Wie praktisch! Man sollte ja meinen, dass Schwerter und Säbel aus Metall relativ stabil gewesen sein müssen. Nun kenne ich mich da nicht besonders aus, aber es ist doch ein seltsamer Zufall, dass in den Kämpfen, in denen meistens der eher unterlegene Protagonist involviert ist, irgendwann das Material des Gegners nachgibt. Und zwar immer in dem Moment, in dem es gerade besonders zur Sache geht und die Auseinandersetzung ihren Höhepunkt erreicht. Apropos Höhepunkt – das gilt auch für den Adventskalender, die 24 Tage sind wie im Flug vergangen!

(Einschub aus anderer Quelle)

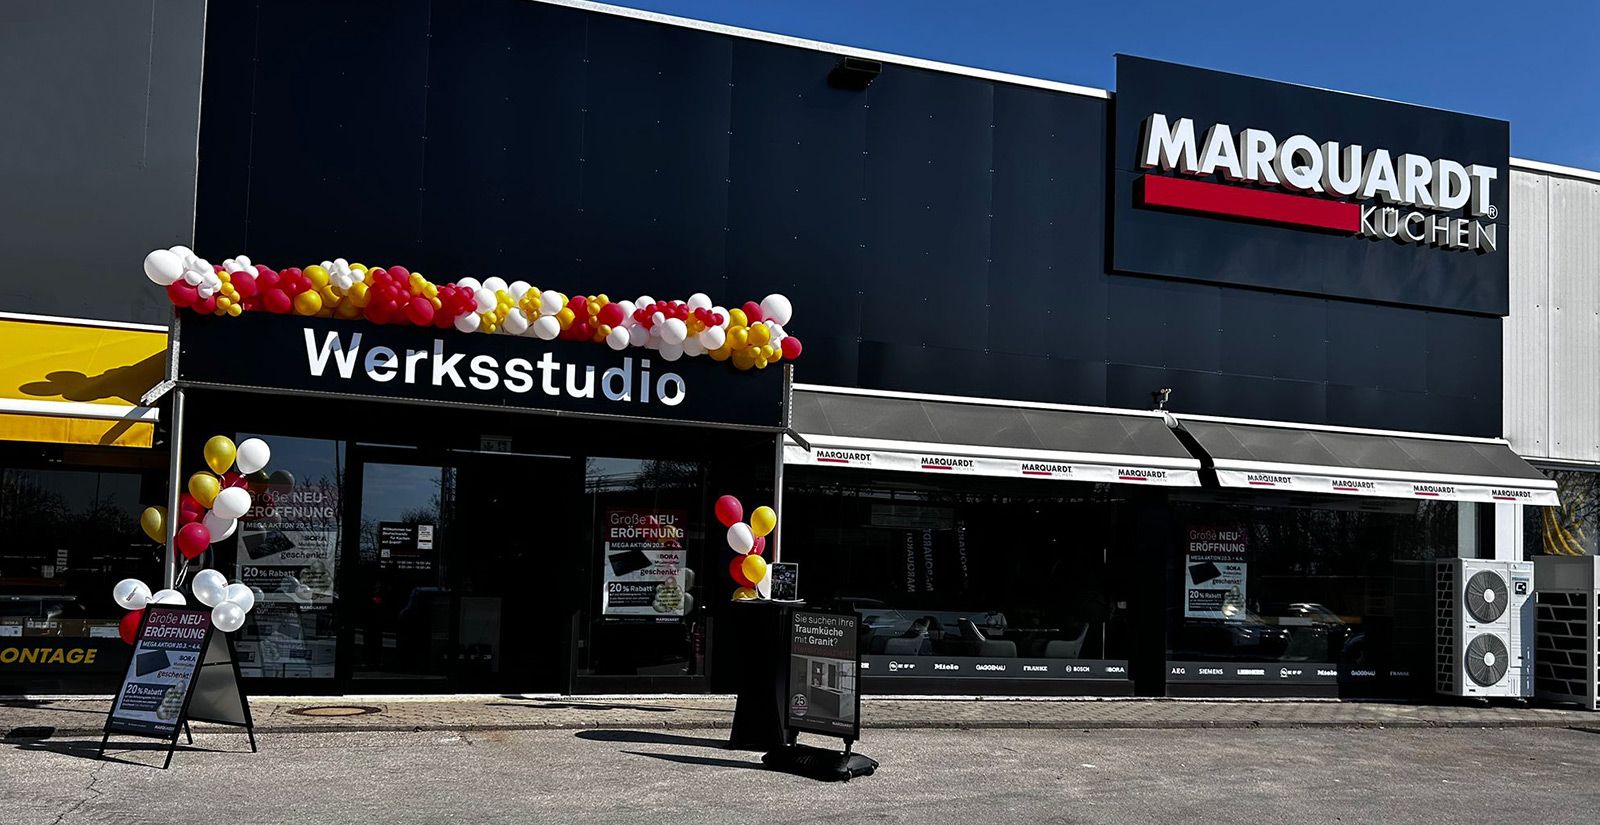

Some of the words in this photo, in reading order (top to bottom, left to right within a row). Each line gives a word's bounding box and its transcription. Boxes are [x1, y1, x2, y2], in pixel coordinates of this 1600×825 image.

[1142, 113, 1497, 216] MARQUARDT
[1361, 205, 1497, 252] KÜCHEN
[303, 328, 686, 406] Werksstudio
[816, 450, 871, 461] MARQUARDT
[921, 457, 975, 467] MARQUARDT
[1021, 463, 1072, 473] MARQUARDT
[1118, 469, 1167, 479] MARQUARDT
[1247, 474, 1292, 484] MARQUARDT
[1332, 480, 1376, 489] MARQUARDT
[1413, 485, 1455, 494] MARQUARDT
[248, 490, 289, 503] Große
[1491, 489, 1532, 498] MARQUARDT
[246, 503, 334, 518] ERÖFFNUNG
[610, 513, 647, 525] Große
[649, 515, 679, 525] NEU-
[610, 526, 684, 538] ERÖFFNUNG
[1218, 531, 1241, 541] NEU-
[1189, 540, 1246, 553] ERÖFFNUNG
[243, 567, 259, 577] 20
[609, 583, 622, 592] 20
[1189, 590, 1199, 599] 20
[148, 612, 178, 624] Große
[180, 614, 205, 625] NEU-
[794, 613, 807, 623] Sie
[808, 616, 837, 626] suchen
[838, 617, 854, 627] Ihre
[144, 624, 206, 639] ERÖFFNUNG
[794, 624, 844, 637] Traumküche
[794, 636, 807, 644] mit
[808, 635, 838, 647] Granit?
[126, 684, 138, 694] 20
[143, 687, 163, 696] Rabatt
[794, 695, 805, 706] 25
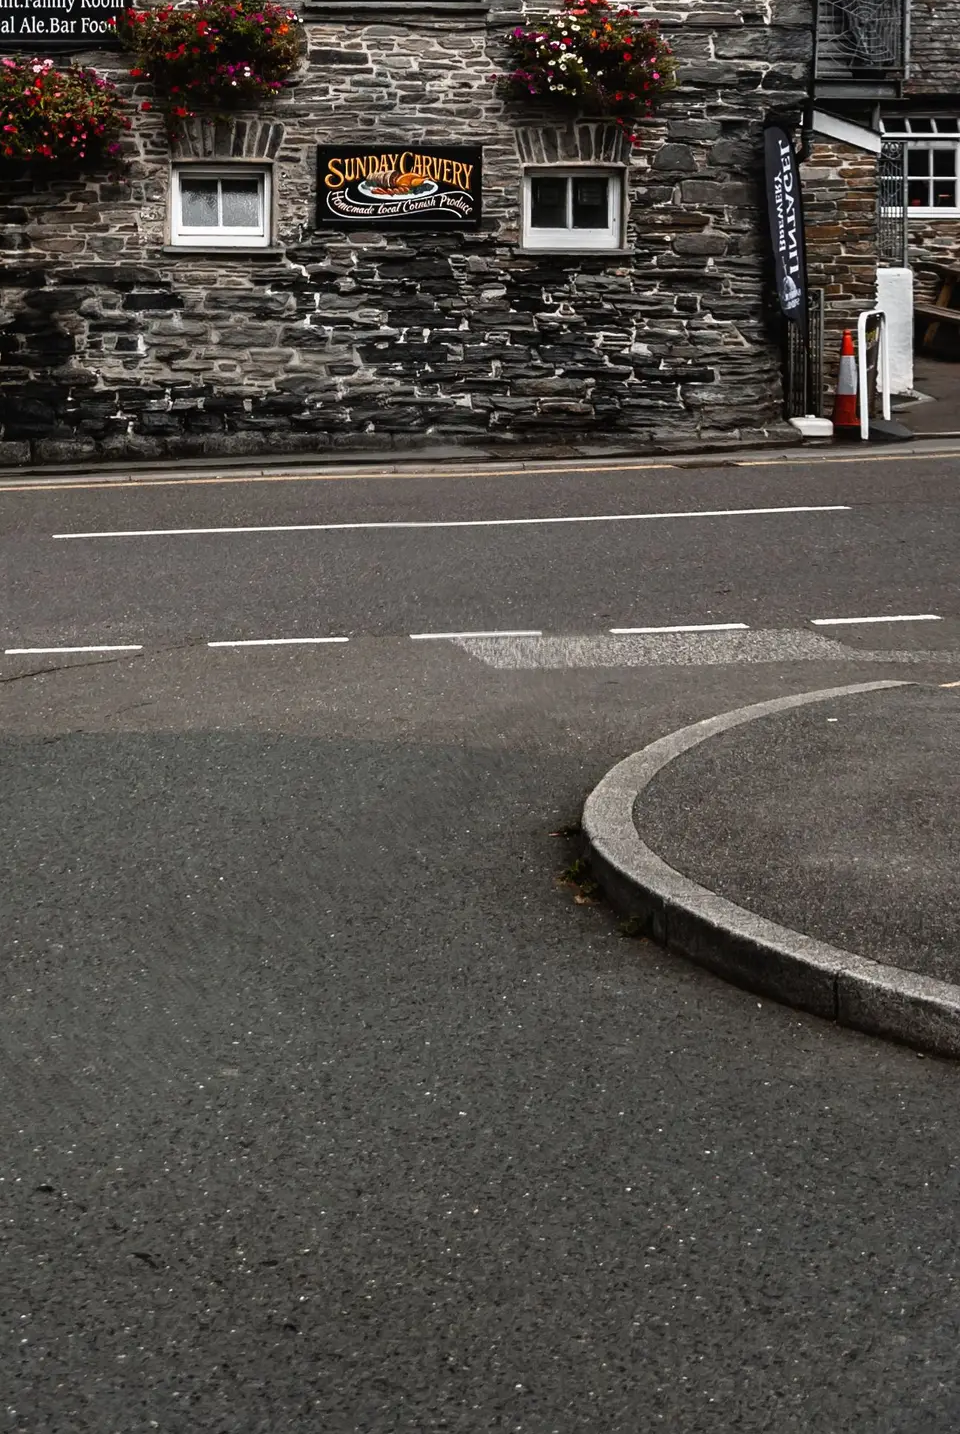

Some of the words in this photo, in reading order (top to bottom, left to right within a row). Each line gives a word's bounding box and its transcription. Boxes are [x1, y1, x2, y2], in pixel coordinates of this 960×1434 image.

[324, 153, 400, 189] SUNDAY
[399, 151, 474, 191] CARVERY
[331, 190, 375, 215] Homemade
[377, 201, 402, 215] Local
[402, 196, 436, 213] Cornish
[440, 194, 473, 215] Produce
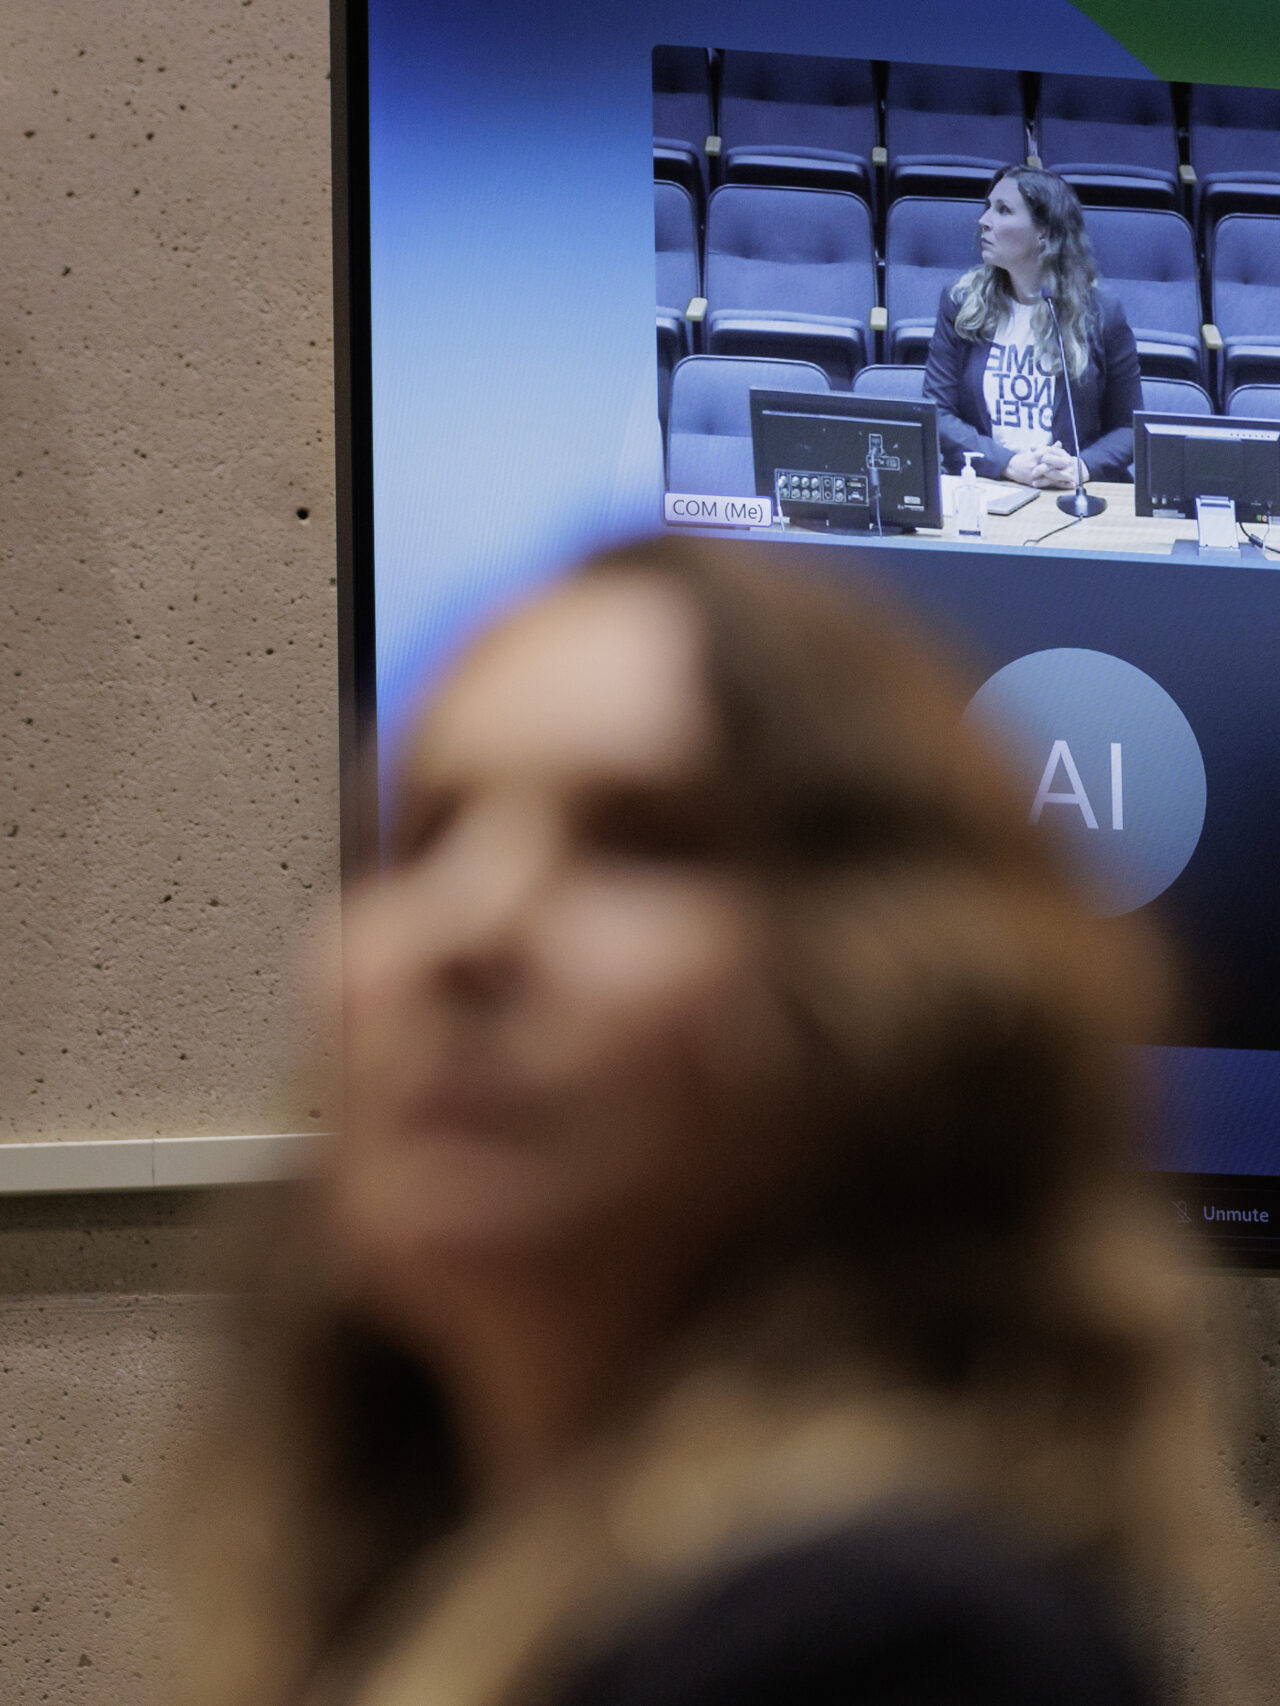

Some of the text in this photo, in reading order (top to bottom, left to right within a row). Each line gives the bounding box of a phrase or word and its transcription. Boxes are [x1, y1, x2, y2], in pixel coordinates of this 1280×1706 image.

[673, 499, 763, 523] COM (Me)
[1028, 739, 1124, 830] AI
[1203, 1206, 1269, 1222] Unmute

[Bildquelle: Solothurner Fechtbuch, entstanden zwischen 1506 und 1525, https://commons.wikimedia.org/wiki/File:S_554_020.tif]

Frohe Weihnachten 2018!
Das war er, der erste Adventskalender von Geschichte in Geschichten! Manch ein Klischee erscheint mir zu abgekaut, andere habe ich fast schon liebgewonnen – der Freude, die ich an historischen Romanen habe, tut das alles meistens keinen Abbruch. Und wahrscheinlich könnte man ähnliche Dinge auch für jedes andere Genre finden. Ich hatte großen Spaß an dem Adventskalender, vielen Dank an alle, die dabei waren, ihn verfolgt oder kommentiert haben! Ich hoffe, ihr habt schöne und friedliche Weihnachtstage mit gutem Essen und vielen Büchern. Bis bald!